Give back every line of the data exactly. Pictures are not part of the copy.

Free-text object descriptions:
_ _ _ _ _ _ _

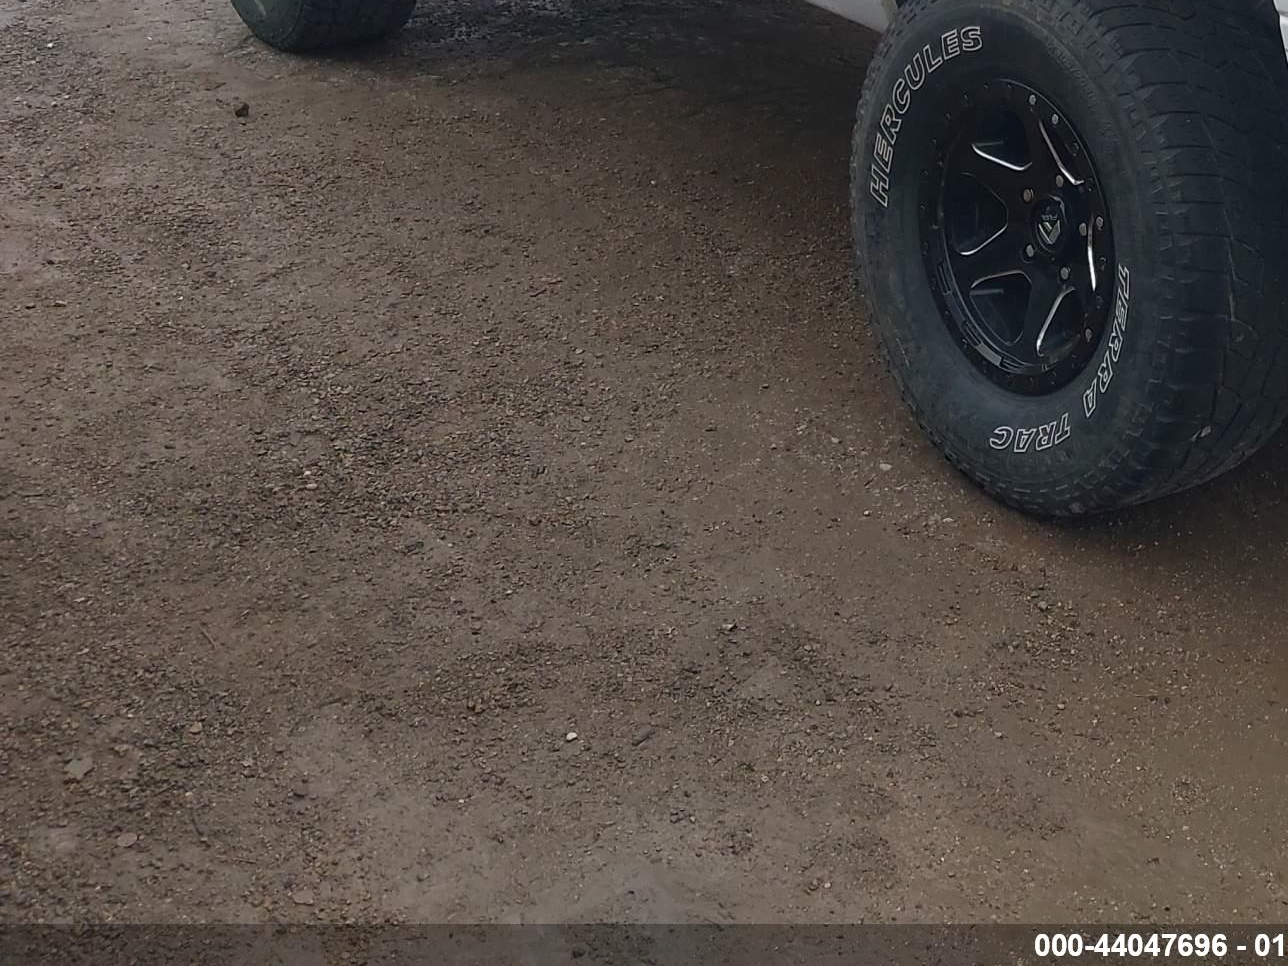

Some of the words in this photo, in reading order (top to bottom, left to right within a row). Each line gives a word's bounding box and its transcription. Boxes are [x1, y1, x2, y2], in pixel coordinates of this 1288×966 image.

[870, 26, 983, 207] HERCULES
[1083, 263, 1130, 418] TERRA
[989, 412, 1071, 453] TRAC
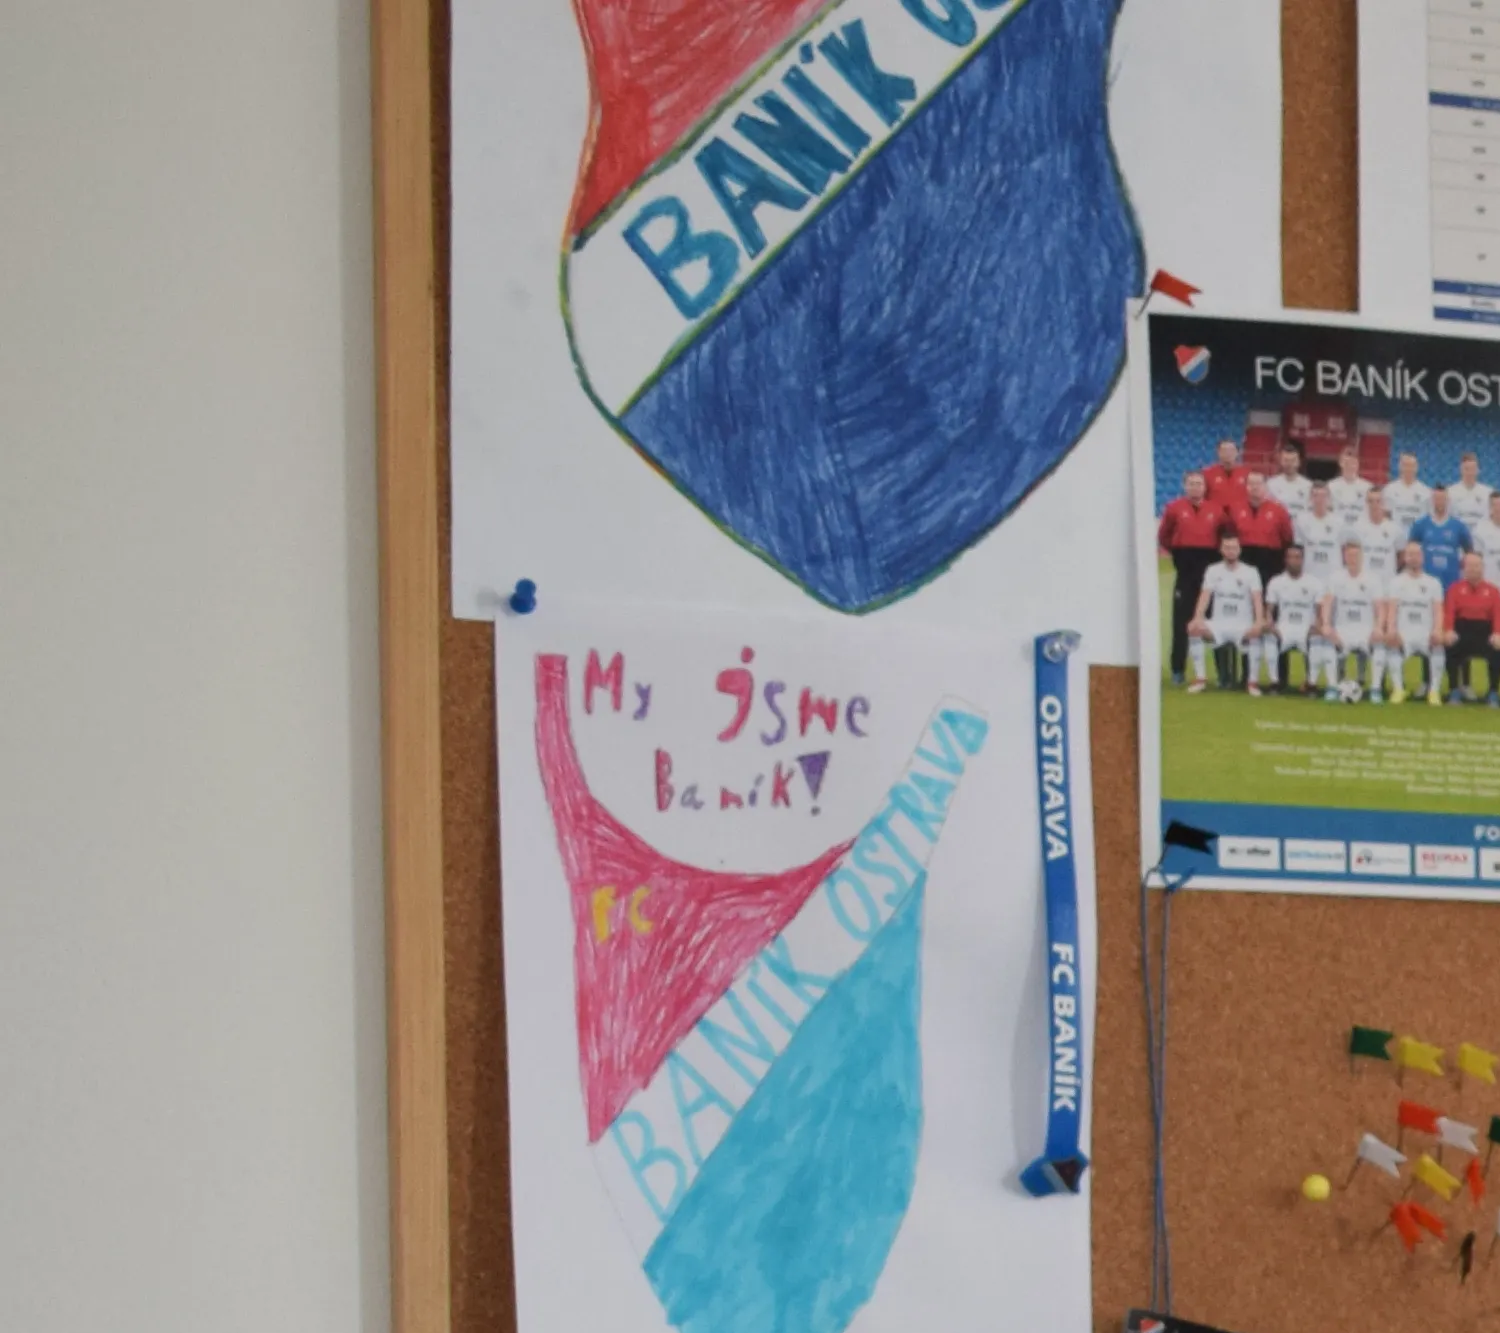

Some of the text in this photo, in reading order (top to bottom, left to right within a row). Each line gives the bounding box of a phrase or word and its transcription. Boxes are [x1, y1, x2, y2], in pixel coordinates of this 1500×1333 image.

[622, 18, 918, 321] BANÍK
[1254, 356, 1305, 393] FC
[1316, 357, 1431, 402] BANÍK
[584, 648, 653, 721] My
[826, 706, 990, 944] OSTRAVA
[1039, 696, 1070, 862] OSTRAVA
[1053, 942, 1082, 1113] FC BANÍK

_ _ _ _ _ _ _

▶ SOLUTION TO THIS TASK
Some of the words in this photo, in reading order (top to bottom, left to right within a row). Each line gives a word's bounding box and its transcription. Boxes are [x1, y1, x2, y2], in pixel coordinates of this 1288×966 image.

[870, 26, 983, 207] HERCULES
[1083, 263, 1130, 418] TERRA
[989, 412, 1071, 453] TRAC

Some of the text in this photo, in reading order (top to bottom, left to right within a row). Each line gives the bounding box of a phrase or word and its transcription. Boxes are [x1, y1, x2, y2], in pixel coordinates of this 1500×1333 image.

[622, 18, 918, 321] BANÍK
[1254, 356, 1305, 393] FC
[1316, 357, 1431, 402] BANÍK
[584, 648, 653, 721] My
[826, 706, 990, 944] OSTRAVA
[1039, 696, 1070, 862] OSTRAVA
[1053, 942, 1082, 1113] FC BANÍK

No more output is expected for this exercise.